**Exercise objective:** What is needed is an exact printout of all the data.

**Raw data:**
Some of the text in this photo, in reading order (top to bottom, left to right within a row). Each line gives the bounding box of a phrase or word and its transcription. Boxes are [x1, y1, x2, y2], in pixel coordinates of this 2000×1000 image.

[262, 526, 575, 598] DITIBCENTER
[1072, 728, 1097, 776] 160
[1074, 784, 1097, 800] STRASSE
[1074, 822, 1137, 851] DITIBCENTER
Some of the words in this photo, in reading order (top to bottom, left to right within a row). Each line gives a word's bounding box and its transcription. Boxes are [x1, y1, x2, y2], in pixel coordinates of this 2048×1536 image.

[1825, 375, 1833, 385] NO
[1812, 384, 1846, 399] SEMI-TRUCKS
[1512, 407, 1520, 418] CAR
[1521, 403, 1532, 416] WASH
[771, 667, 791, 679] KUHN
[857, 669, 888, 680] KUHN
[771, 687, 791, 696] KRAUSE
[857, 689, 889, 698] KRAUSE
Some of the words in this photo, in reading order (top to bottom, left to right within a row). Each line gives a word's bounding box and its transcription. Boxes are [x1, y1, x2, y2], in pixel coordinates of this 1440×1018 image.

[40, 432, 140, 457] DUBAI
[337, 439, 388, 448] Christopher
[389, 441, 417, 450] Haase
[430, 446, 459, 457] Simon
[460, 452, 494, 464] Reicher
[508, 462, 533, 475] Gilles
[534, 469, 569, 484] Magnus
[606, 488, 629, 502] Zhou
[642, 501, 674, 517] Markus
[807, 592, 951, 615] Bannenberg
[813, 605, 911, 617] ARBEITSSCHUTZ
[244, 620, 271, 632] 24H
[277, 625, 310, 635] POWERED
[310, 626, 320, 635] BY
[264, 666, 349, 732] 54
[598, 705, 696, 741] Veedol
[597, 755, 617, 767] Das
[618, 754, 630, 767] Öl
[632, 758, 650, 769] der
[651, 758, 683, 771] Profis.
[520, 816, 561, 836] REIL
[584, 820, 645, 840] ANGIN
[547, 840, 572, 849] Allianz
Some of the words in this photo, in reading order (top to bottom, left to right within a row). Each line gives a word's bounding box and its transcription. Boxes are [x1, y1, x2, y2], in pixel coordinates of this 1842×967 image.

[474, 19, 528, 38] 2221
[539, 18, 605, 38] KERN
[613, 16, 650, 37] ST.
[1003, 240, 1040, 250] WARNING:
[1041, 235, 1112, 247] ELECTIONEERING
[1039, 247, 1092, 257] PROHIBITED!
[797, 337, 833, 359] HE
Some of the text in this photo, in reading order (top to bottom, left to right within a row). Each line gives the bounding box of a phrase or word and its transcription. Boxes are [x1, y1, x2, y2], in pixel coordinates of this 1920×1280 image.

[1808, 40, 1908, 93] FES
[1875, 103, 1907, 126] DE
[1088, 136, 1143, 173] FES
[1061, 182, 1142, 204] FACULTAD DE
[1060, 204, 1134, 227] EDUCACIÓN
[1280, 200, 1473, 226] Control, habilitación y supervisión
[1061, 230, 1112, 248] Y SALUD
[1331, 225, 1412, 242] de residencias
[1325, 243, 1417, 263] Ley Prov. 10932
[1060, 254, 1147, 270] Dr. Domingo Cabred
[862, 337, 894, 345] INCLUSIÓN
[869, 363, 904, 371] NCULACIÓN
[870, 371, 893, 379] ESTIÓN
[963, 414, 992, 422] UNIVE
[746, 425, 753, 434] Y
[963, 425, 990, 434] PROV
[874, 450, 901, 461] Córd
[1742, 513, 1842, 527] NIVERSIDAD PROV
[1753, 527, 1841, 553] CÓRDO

**Task result:**
Some of the text in this photo, in reading order (top to bottom, left to right within a row). Each line gives the bounding box of a phrase or word and its transcription. Boxes are [x1, y1, x2, y2], in pixel coordinates of this 2000×1000 image.

[262, 526, 575, 598] DITIBCENTER
[1072, 728, 1097, 776] 160
[1074, 784, 1097, 800] STRASSE
[1074, 822, 1137, 851] DITIBCENTER
Some of the words in this photo, in reading order (top to bottom, left to right within a row). Each line gives a word's bounding box and its transcription. Boxes are [x1, y1, x2, y2], in pixel coordinates of this 2048×1536 image.

[1825, 375, 1833, 385] NO
[1812, 384, 1846, 399] SEMI-TRUCKS
[1512, 407, 1520, 418] CAR
[1521, 403, 1532, 416] WASH
[771, 667, 791, 679] KUHN
[857, 669, 888, 680] KUHN
[771, 687, 791, 696] KRAUSE
[857, 689, 889, 698] KRAUSE
Some of the words in this photo, in reading order (top to bottom, left to right within a row). Each line gives a word's bounding box and its transcription. Boxes are [x1, y1, x2, y2], in pixel coordinates of this 1440×1018 image.

[40, 432, 140, 457] DUBAI
[337, 439, 388, 448] Christopher
[389, 441, 417, 450] Haase
[430, 446, 459, 457] Simon
[460, 452, 494, 464] Reicher
[508, 462, 533, 475] Gilles
[534, 469, 569, 484] Magnus
[606, 488, 629, 502] Zhou
[642, 501, 674, 517] Markus
[807, 592, 951, 615] Bannenberg
[813, 605, 911, 617] ARBEITSSCHUTZ
[244, 620, 271, 632] 24H
[277, 625, 310, 635] POWERED
[310, 626, 320, 635] BY
[264, 666, 349, 732] 54
[598, 705, 696, 741] Veedol
[597, 755, 617, 767] Das
[618, 754, 630, 767] Öl
[632, 758, 650, 769] der
[651, 758, 683, 771] Profis.
[520, 816, 561, 836] REIL
[584, 820, 645, 840] ANGIN
[547, 840, 572, 849] Allianz
Some of the words in this photo, in reading order (top to bottom, left to right within a row). Each line gives a word's bounding box and its transcription. Boxes are [x1, y1, x2, y2], in pixel coordinates of this 1842×967 image.

[474, 19, 528, 38] 2221
[539, 18, 605, 38] KERN
[613, 16, 650, 37] ST.
[1003, 240, 1040, 250] WARNING:
[1041, 235, 1112, 247] ELECTIONEERING
[1039, 247, 1092, 257] PROHIBITED!
[797, 337, 833, 359] HE
Some of the text in this photo, in reading order (top to bottom, left to right within a row). Each line gives the bounding box of a phrase or word and its transcription. Boxes are [x1, y1, x2, y2], in pixel coordinates of this 1920×1280 image.

[1808, 40, 1908, 93] FES
[1875, 103, 1907, 126] DE
[1088, 136, 1143, 173] FES
[1061, 182, 1142, 204] FACULTAD DE
[1060, 204, 1134, 227] EDUCACIÓN
[1280, 200, 1473, 226] Control, habilitación y supervisión
[1061, 230, 1112, 248] Y SALUD
[1331, 225, 1412, 242] de residencias
[1325, 243, 1417, 263] Ley Prov. 10932
[1060, 254, 1147, 270] Dr. Domingo Cabred
[862, 337, 894, 345] INCLUSIÓN
[869, 363, 904, 371] NCULACIÓN
[870, 371, 893, 379] ESTIÓN
[963, 414, 992, 422] UNIVE
[746, 425, 753, 434] Y
[963, 425, 990, 434] PROV
[874, 450, 901, 461] Córd
[1742, 513, 1842, 527] NIVERSIDAD PROV
[1753, 527, 1841, 553] CÓRDO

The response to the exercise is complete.